# WORK INSTRUCTION
Produce again, without any change, the lines running from the one with "Some of the words" through the final line of the data below, and only those.

# DATA TO EXAMINE
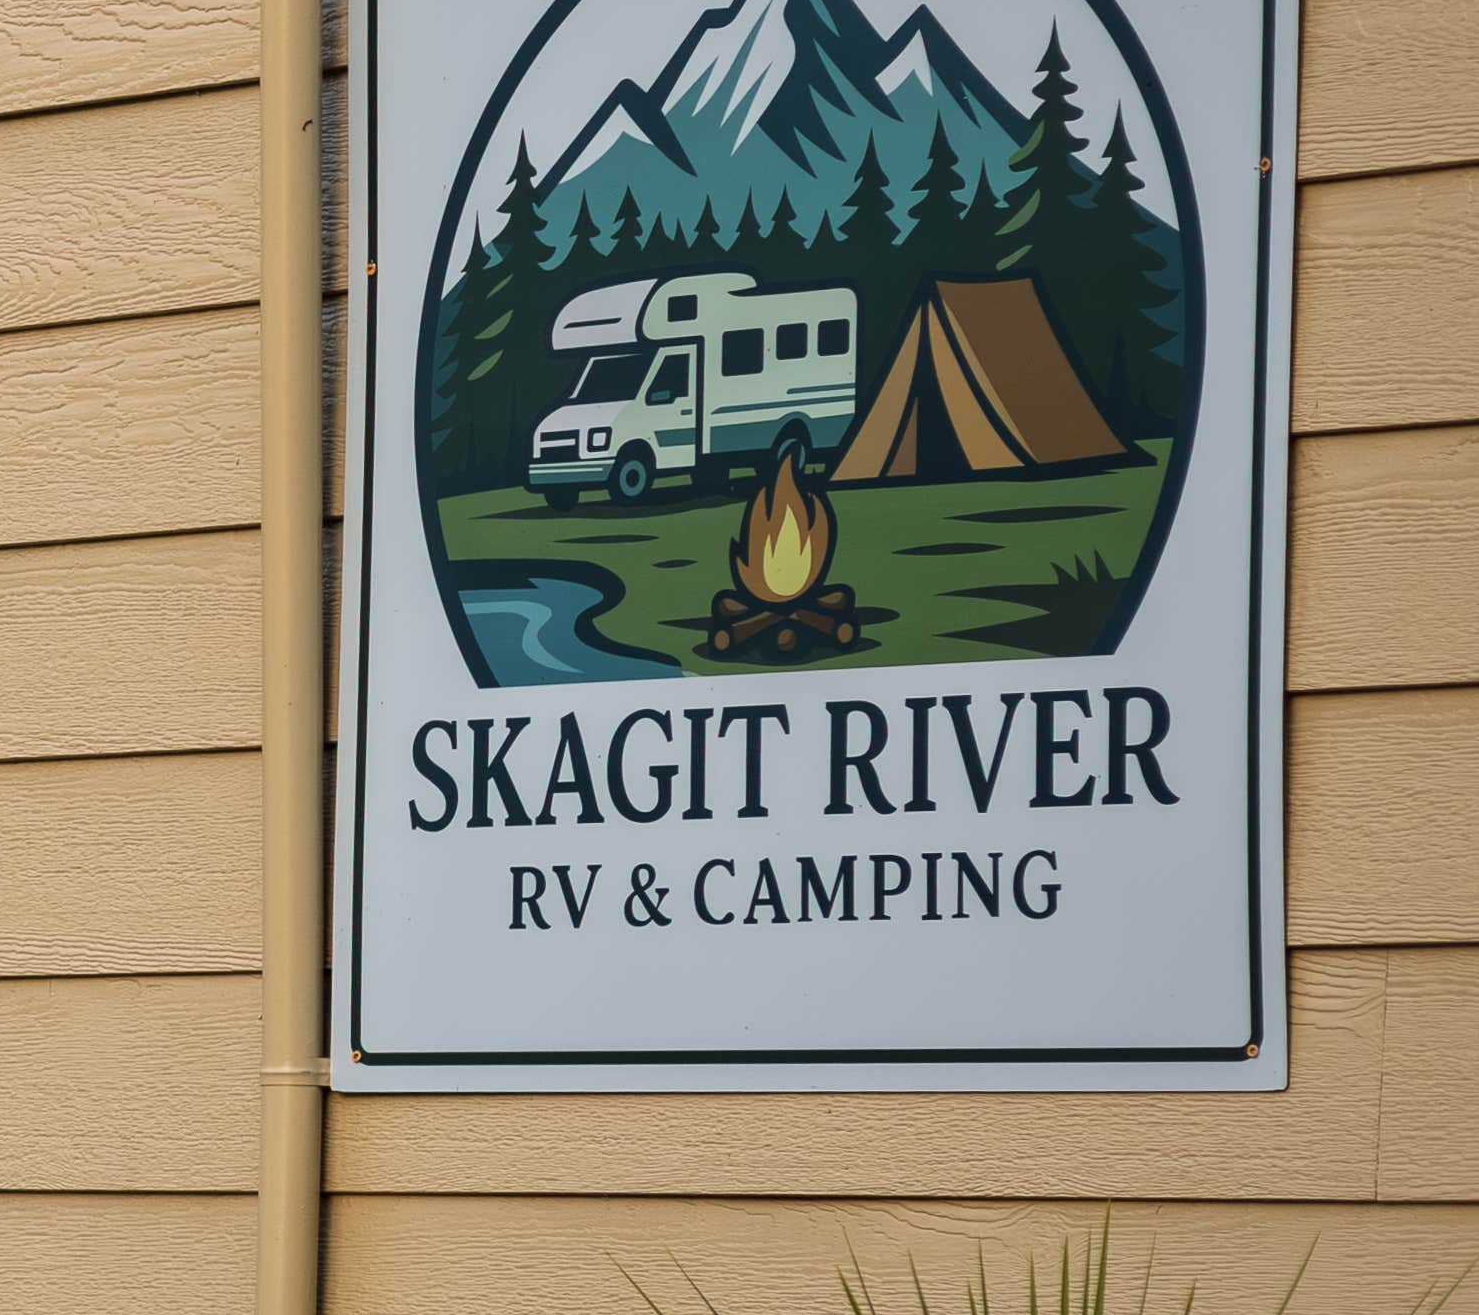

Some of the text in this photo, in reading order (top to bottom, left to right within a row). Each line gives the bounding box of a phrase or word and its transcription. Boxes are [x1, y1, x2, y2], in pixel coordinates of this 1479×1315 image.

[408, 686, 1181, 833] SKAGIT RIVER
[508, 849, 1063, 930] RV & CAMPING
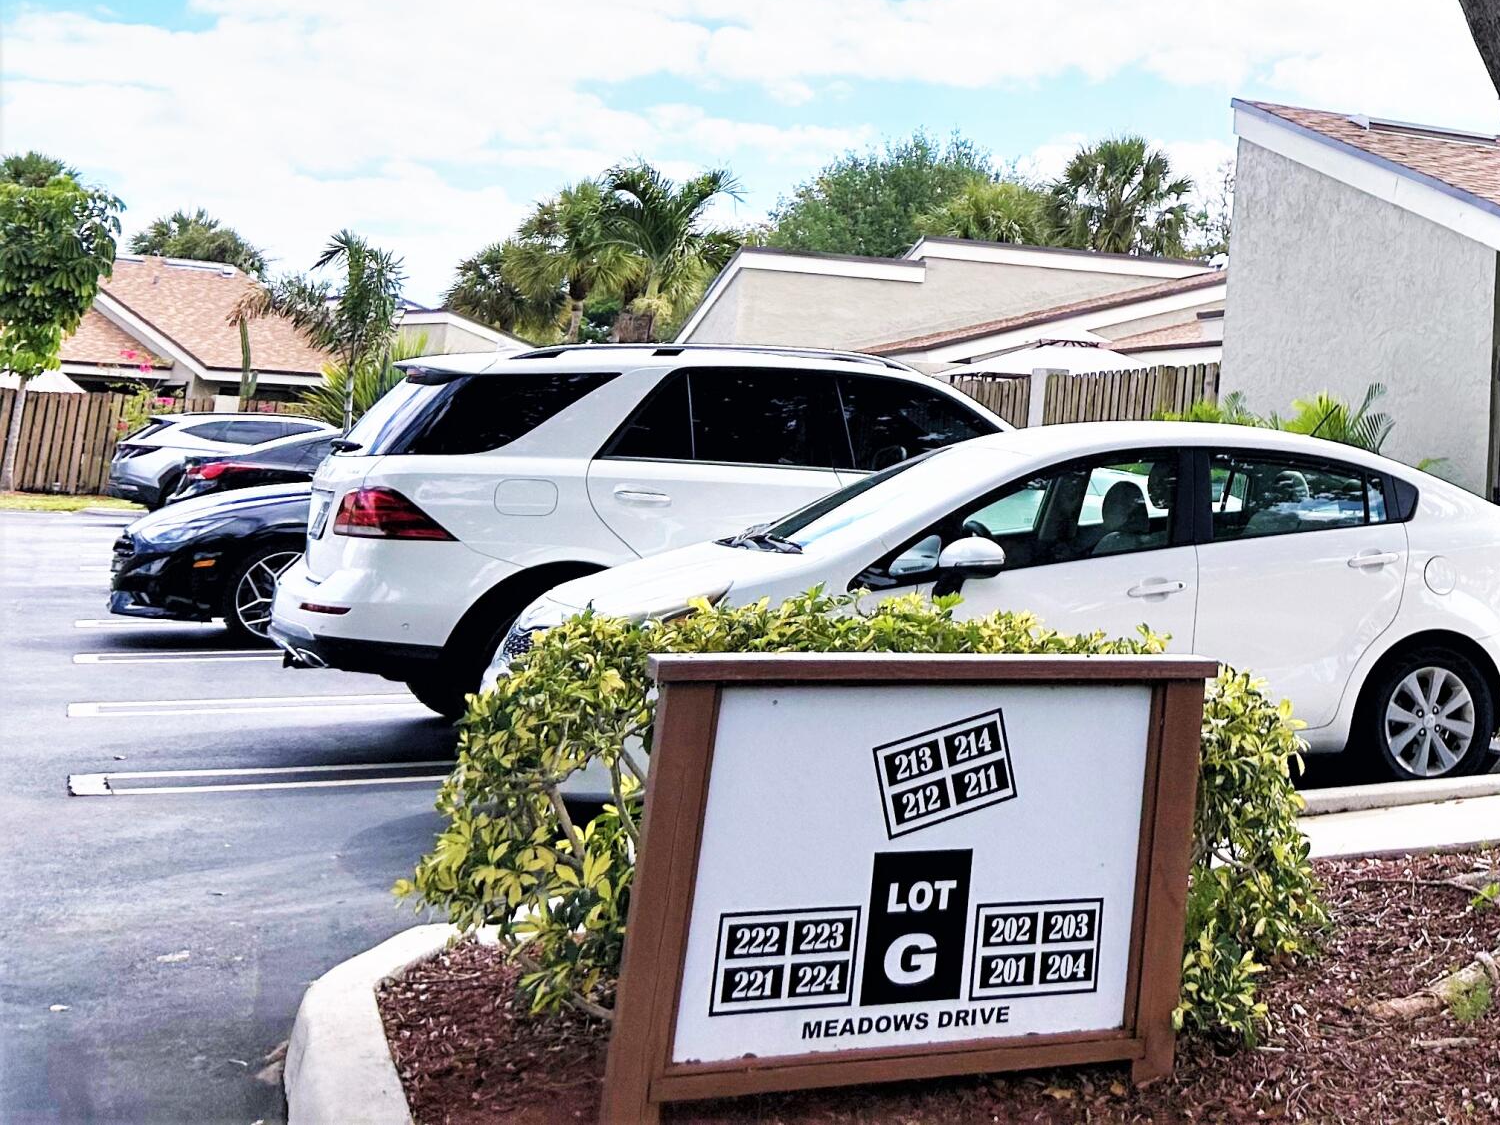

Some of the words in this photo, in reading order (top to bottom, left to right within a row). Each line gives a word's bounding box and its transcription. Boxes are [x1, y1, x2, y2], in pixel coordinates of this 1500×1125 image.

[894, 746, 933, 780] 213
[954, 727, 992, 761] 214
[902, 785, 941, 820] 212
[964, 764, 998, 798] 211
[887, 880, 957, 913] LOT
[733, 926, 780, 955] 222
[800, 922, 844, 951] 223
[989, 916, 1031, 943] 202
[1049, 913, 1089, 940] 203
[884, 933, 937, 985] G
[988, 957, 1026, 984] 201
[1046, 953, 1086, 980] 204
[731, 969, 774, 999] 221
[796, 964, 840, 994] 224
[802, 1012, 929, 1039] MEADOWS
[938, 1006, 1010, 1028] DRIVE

# OUTPUT BELOW
Some of the words in this photo, in reading order (top to bottom, left to right within a row). Each line gives a word's bounding box and its transcription. Boxes are [x1, y1, x2, y2], in pixel coordinates of this 1500×1125 image.

[894, 746, 933, 780] 213
[954, 727, 992, 761] 214
[902, 785, 941, 820] 212
[964, 764, 998, 798] 211
[887, 880, 957, 913] LOT
[733, 926, 780, 955] 222
[800, 922, 844, 951] 223
[989, 916, 1031, 943] 202
[1049, 913, 1089, 940] 203
[884, 933, 937, 985] G
[988, 957, 1026, 984] 201
[1046, 953, 1086, 980] 204
[731, 969, 774, 999] 221
[796, 964, 840, 994] 224
[802, 1012, 929, 1039] MEADOWS
[938, 1006, 1010, 1028] DRIVE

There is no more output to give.